Anche "Caterina va in città" è abitato da una sfilata di personaggi che conquistano l'attenzione dello spettatore: dal padre di Caterina (Sergio Castellitto) professore di ragioneria, insoddisfatto del proprio lavoro e con ambizioni letterarie, alla madre di Caterina (Margherita Buy) incapace di distinguere la realtà dalla finzione, afflitta da un'abulia latente, alla stessa Caterina (Alice Teghil) ingenua, sprovveduta, vittima sempre sorridente. Accanto a loro, più limitati ma non meno importanti, vorticano una scolaresca di terza media equamente divisa tra fasci e compagni; una ricca famiglia di intellettuali di sinistra, sconclusionati ed inconcludenti, incapaci di educare i propri figli, troppo impegnati ad impegnarsi; una ricca famiglia di destra, con tanto di padre sottosegretario con un passato fascista ed un futuro di forzato della democrazia, incapaci, anch'essi, di educare decentemente la propria prole, troppo impegnati a disimpegnarsi; un ragazzo australiano che spia Caterina dalla finestra di fronte, una zia malata e gli immancabili rozzi parenti di provincia.
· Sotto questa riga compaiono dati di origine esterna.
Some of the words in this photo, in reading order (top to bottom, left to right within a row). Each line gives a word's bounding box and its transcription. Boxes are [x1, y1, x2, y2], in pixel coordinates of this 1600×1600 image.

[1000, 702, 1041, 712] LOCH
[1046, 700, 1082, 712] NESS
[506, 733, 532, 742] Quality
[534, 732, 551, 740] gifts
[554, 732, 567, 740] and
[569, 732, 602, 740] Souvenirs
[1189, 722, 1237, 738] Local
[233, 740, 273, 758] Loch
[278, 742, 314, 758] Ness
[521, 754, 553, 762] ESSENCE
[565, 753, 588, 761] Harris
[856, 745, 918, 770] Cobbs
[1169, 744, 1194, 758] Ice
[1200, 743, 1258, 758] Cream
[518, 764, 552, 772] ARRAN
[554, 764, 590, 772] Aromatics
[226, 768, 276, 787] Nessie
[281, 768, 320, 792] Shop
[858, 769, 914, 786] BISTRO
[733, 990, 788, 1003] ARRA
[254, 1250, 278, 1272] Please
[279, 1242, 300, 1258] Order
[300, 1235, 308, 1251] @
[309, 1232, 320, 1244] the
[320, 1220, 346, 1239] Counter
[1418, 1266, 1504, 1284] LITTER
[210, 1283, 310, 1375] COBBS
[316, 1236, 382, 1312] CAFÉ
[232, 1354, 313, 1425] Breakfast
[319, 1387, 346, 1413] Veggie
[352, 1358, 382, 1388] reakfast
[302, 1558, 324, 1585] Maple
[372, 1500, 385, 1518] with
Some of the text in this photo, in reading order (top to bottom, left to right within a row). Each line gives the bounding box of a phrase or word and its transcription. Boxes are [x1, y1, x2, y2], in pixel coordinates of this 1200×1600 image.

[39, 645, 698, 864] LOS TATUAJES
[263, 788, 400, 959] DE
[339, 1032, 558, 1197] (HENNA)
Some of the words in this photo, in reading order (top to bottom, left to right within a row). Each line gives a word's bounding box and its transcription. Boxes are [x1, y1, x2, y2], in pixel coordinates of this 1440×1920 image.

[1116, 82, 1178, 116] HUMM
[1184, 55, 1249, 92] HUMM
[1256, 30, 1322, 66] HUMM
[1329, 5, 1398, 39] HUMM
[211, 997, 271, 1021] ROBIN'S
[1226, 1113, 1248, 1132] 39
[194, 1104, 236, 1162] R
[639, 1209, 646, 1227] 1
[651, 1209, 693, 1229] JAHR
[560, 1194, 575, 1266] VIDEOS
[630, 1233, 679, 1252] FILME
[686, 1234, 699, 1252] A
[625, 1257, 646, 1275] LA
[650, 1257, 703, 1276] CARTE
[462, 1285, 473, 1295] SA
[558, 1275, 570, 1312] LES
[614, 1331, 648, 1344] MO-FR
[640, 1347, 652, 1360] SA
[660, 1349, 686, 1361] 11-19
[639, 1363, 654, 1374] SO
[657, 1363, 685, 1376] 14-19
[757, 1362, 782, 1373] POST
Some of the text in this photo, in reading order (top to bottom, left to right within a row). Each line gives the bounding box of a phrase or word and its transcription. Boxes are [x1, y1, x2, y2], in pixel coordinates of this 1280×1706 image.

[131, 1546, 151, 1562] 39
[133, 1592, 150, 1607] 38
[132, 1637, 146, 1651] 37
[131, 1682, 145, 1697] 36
Il tutto raccontato dalla voce narrante della piccola Caterina.
Quanti ne abbiamo visti di questi film? Tanti, tantissimi, troppi. E non bisogna andar lontano perché basta rimanere nell'ambito della precedente produzione di Virzì per ritrovare l'ottuso intellettuale di sinistra, il rozzo ed ignorante qualunquista di destra, la casalinga insoddisfatta, l'adolescente che matura grazie alle dure prove della vita. Basta andarsi a rivedere "Ovosodo", ma anche di "Ferie d'Agosto" o l'ultimo - certamente più divertente - "My name is Tanino". Insomma, abbiamo capito che c'è del male nella destra, e lo sapevamo, ma c'è del male anche nella sinistra, non c'è bisogno di ricordarcelo ad ogni piè sospinto. Così come è ormai evidente che sia che sei nato in un quartiere di Livorno, o in un paesino della Sicilia, o vivi in una grande metropoli come Roma, la via della maturazione che da bambino conduce a diventare un adolescente fino a divenire un adulto è irta di delusioni cocenti e scottanti ritorni alla realtà.
Francamente, non c'era bisogno di quest'altro film per ribadire concetti già affermati. Film, dal quale, chissà perché, ci aspettavamo qualcosa di diverso. Mi dispiace dover trarre questo giudizio negativo perché Virzì è un autore che amo e che, spero di continuare ad amare: l'unico vero continuatore del genere della cosiddetta commedia all'italiana. C'è bisogno, però, di un colpo d'ali che "Caterina" sembra non avere pur rimanendo un'opera comunque di un certo valore, impreziosita com'è da un cast di altissimo livello, tutto italiano. Oltre ai bravissimi Castellitto e Buy, infatti, è giusto ricordare anche Flavio Bucci e Caludio Amendola, autori di due pregevoli caratterizzazioni.
Tra le altre, segnaliamo le amichevole comparsate di Michele Placido, Maurizio Costanzo e Roberto Benigni in versione girotondista.